Swings to £30+ million pre-tax profit from a £30+ million loss
Deposit base up 55% to £9 billion
Lending up 45% to £3.3 billion
Revenue increases by 93% to £188 million
London, 21 July 2022 – Starling Bank today reports its first full year of profitability. The digital bank swung to a pre-tax profit of £32.1 million for the financial year ending 31 March 2022 from a pre-tax loss of £31.5 million for the period to 31 March 2021. Revenue for the same period to 31 March 2022 was £188 million.
Starling’s previous financial year, to 31 March 2021, covered a 16 month period to reflect a change in the timing of the bank’s financial reporting.
Trading update for June 2022
In the three months following its latest accounts, Starling has continued to grow at pace and in June 2022 reports an annualised revenue run rate of £331.2 million driven by year on year lending growth of 72% to £4 billion.
Starling continues to build on the mortgage capability it gained through the acquisition of Fleet Mortgages in July 2021, with more than £2 billion of mortgages now on the balance sheet as at June 2022. This growth in lending has been funded by Starling’s growing deposit base, which increased by a further £600 million in just three months.
The pre-tax ROTE(1) for June 2022 is already best-in-class for a UK bank at 17.5%, compared to c.11% for the large high street banks and 16% for other specialist and mid-tier lenders.
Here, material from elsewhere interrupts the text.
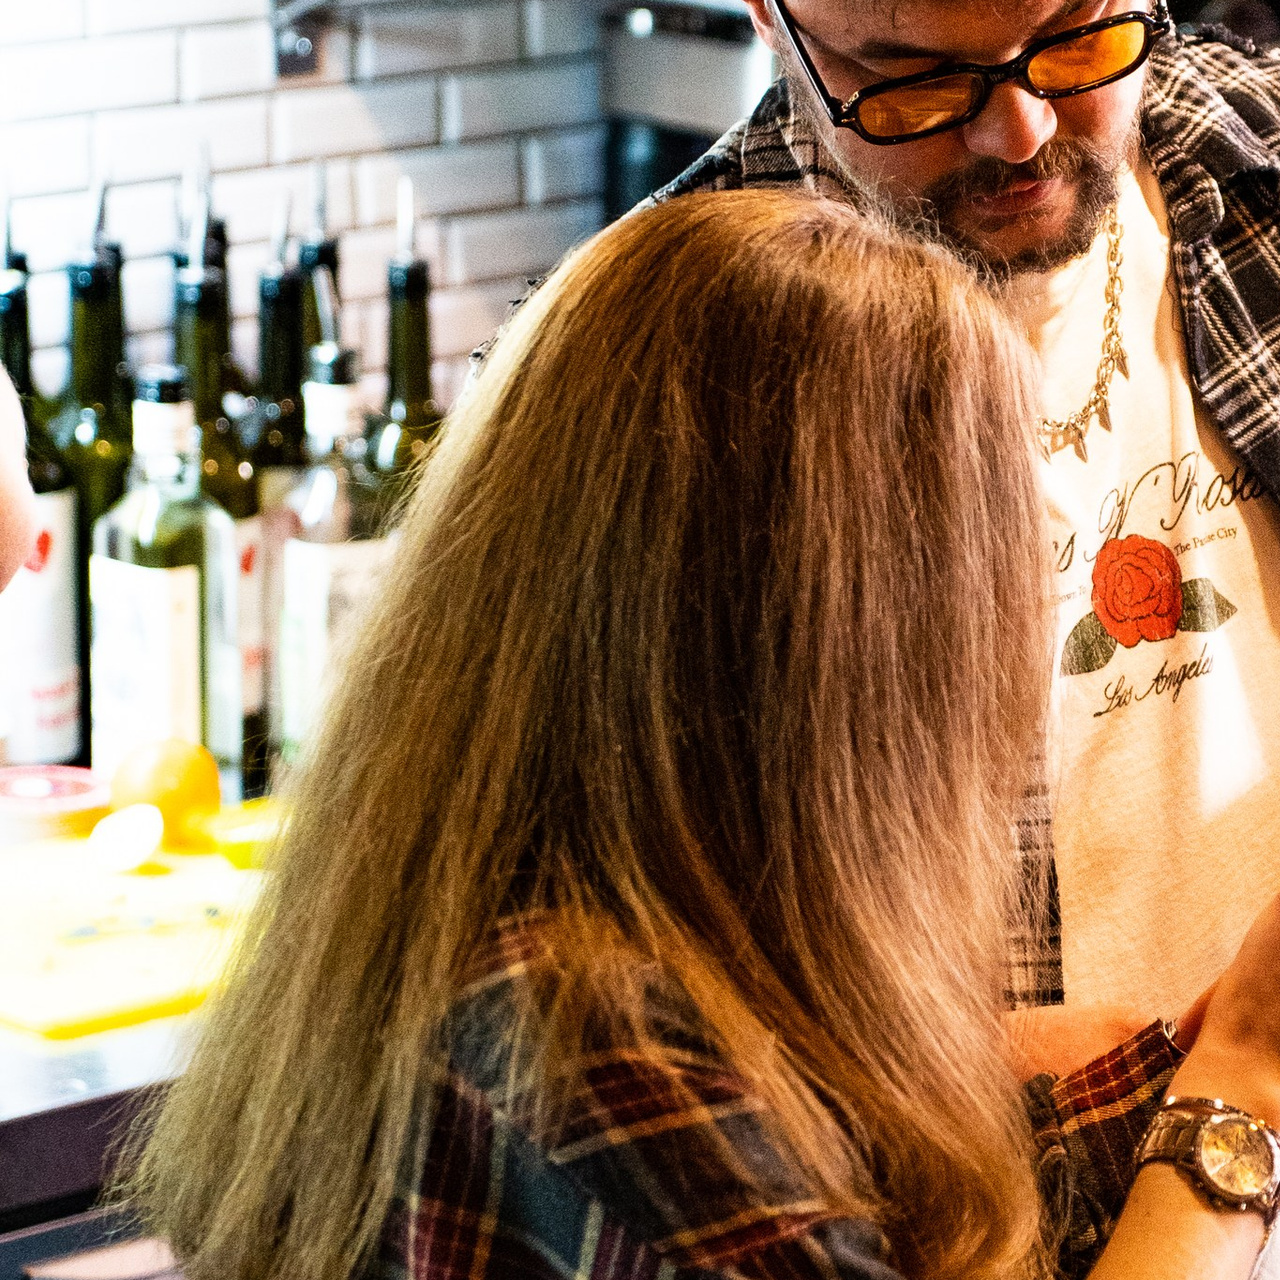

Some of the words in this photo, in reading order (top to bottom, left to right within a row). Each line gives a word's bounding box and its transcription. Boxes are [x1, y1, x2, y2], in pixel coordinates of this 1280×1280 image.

This is despite Starling holding a significant capital surplus above its regulatory minimum as a result of its most recent funding round.
|Key Financial Metrics (Source - Starling Group Management Accounts)||As at Jun-22||As at Mar-22||As at Jun-21|
|Annualised Revenue Run Rate||£331.2m||£303.6m||£176.8m|
|Annualised PBT Run Rate||£92.0m||£48.8m||£30.3m|
|Total Customer Deposits||£9,628m||£9,028m||£6,755m|
|Total Mortgage Lending||£2,056m||£1,216m||£40m|
|Total Gross Lending||£4,033m||£3,266m||£2,335m|
Anne Boden, Founder and Chief Executive of Starling Bank, said: “With our first full year of profitability, we’ve placed ourselves firmly in a category of one. As an innovative digital bank with a sustainable business model and a strong balance sheet we are generating our own capital and we stand apart from both the old banks and other challengers.”